There is no consensus on a definition for bullying in the international arena yet. However, most researchers agree that these hostilities are:

  • persistent and prolonged in nature;

  • carried out by one or more persons against one or more targets;

  • conscious behaviour with the intention to harm the target;

  • affecting the targets or victims detrimentally and has a devastating influence on the emotional well-being of this group.

The most frequently reported incidents of workplace bullying, according to all researchers are the various forms of verbal aggression like insults, shouting, Billingsgate vocabularies, name-calling, threats, talking about someone behind his/her back, interrupting talk or work, humiliating an employee in the presence of others, ridicule, teasing, sarcasm and false accusations. Also flaunting status, mood swings, ignoring a person, aggressive posturing, undermining someone and spreading stories, trumping up charges against co-workers, innuendoes, setting a person up for failure and colleagues ganging up against a co-workers, are further examples.
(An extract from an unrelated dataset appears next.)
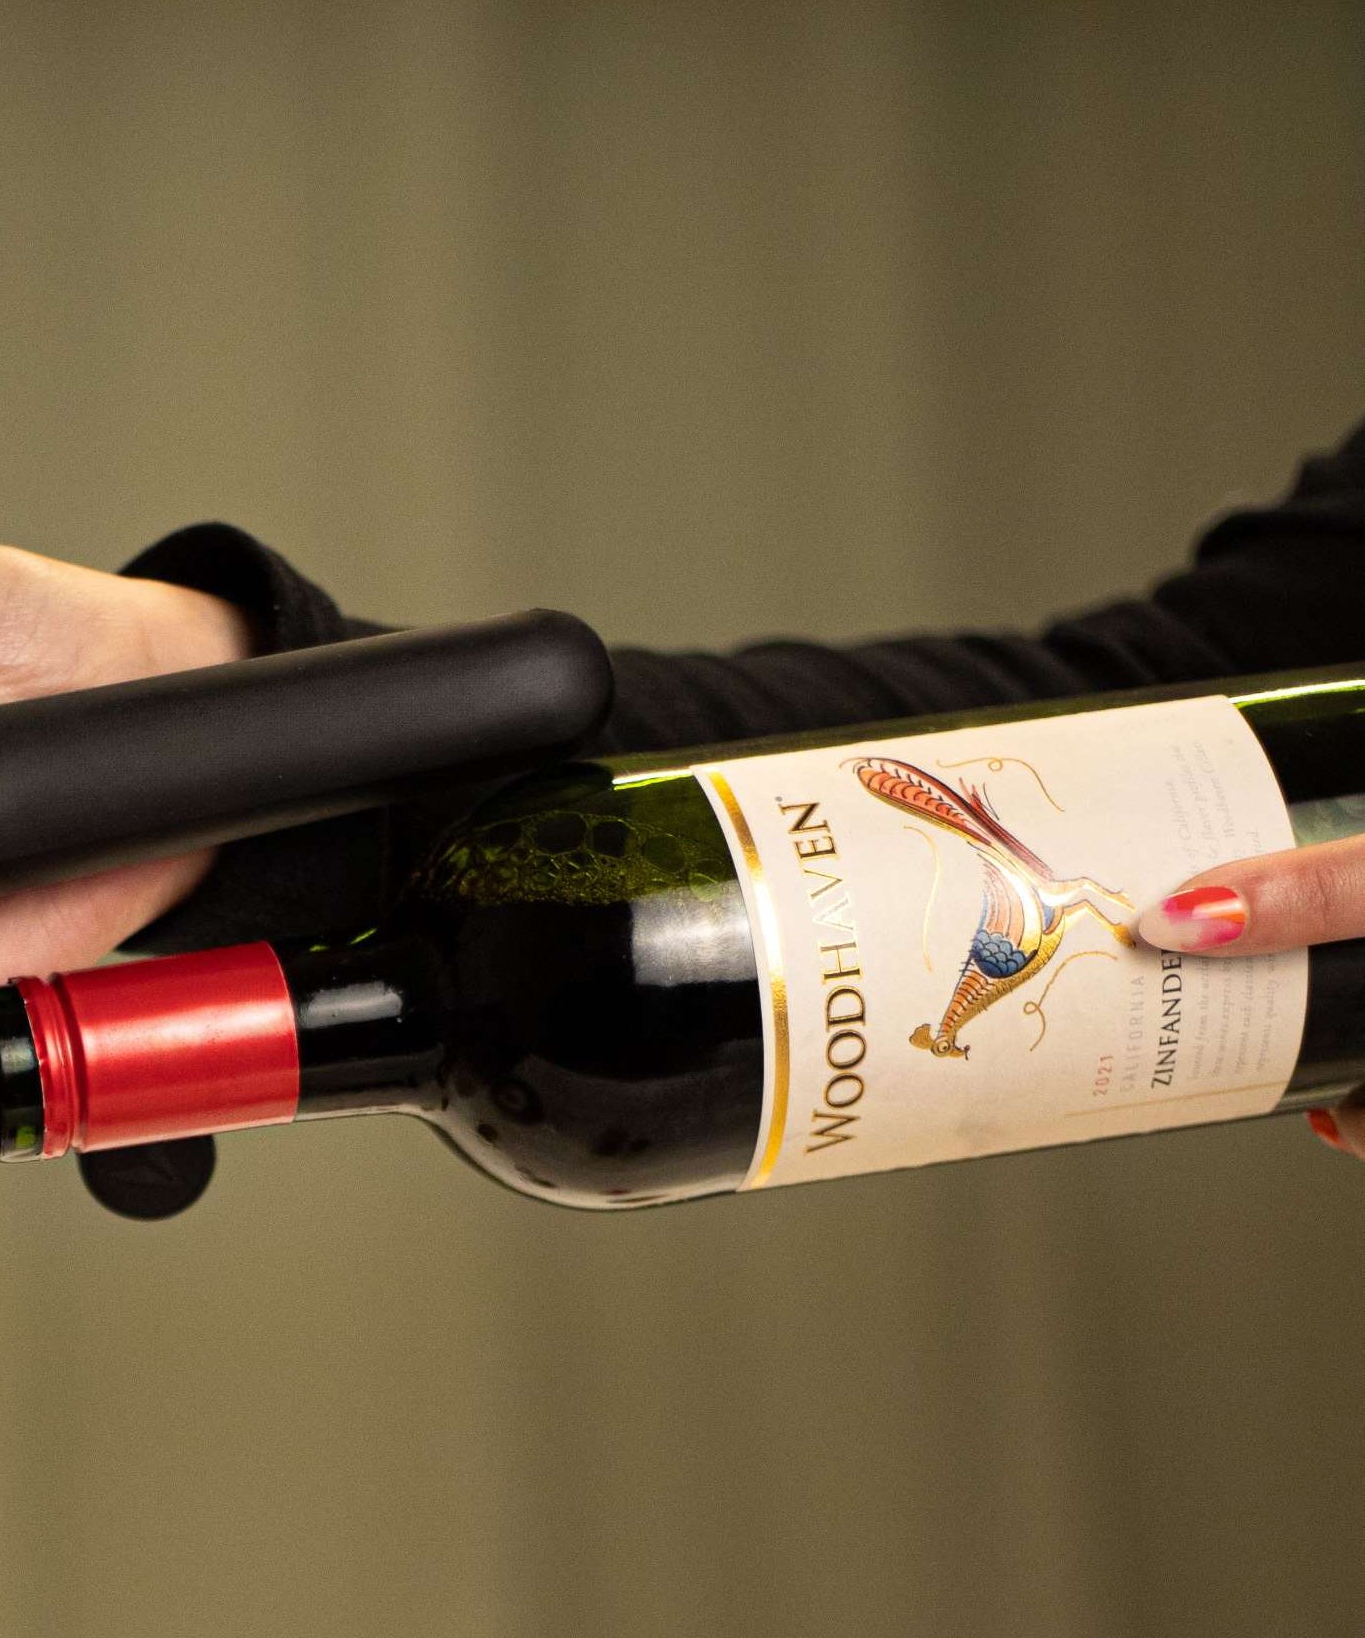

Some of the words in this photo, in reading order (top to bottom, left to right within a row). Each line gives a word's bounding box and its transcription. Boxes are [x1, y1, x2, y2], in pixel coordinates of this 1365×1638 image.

[779, 801, 869, 1154] WOODHAVEN
[1120, 974, 1146, 1093] CALIFORNIA
[1093, 1055, 1114, 1097] 2021
Overloading and abusing staff, racial discrimination and any unfair practice are hostile to the well-being of the employee and fall within this category. Equally serious but more dramatic than bullying is physical violence and homicide in the workplace.

The irony is that, while workplace violence and hostilities flourish in corporate South Africa, we can hardly afford the time, energy and talent wasted by this crippling phenomenon. Add to this sabotage like petty theft, industrial espionage and the planting of viruses by frustrated employees, and we are talking billions of Rands wasted.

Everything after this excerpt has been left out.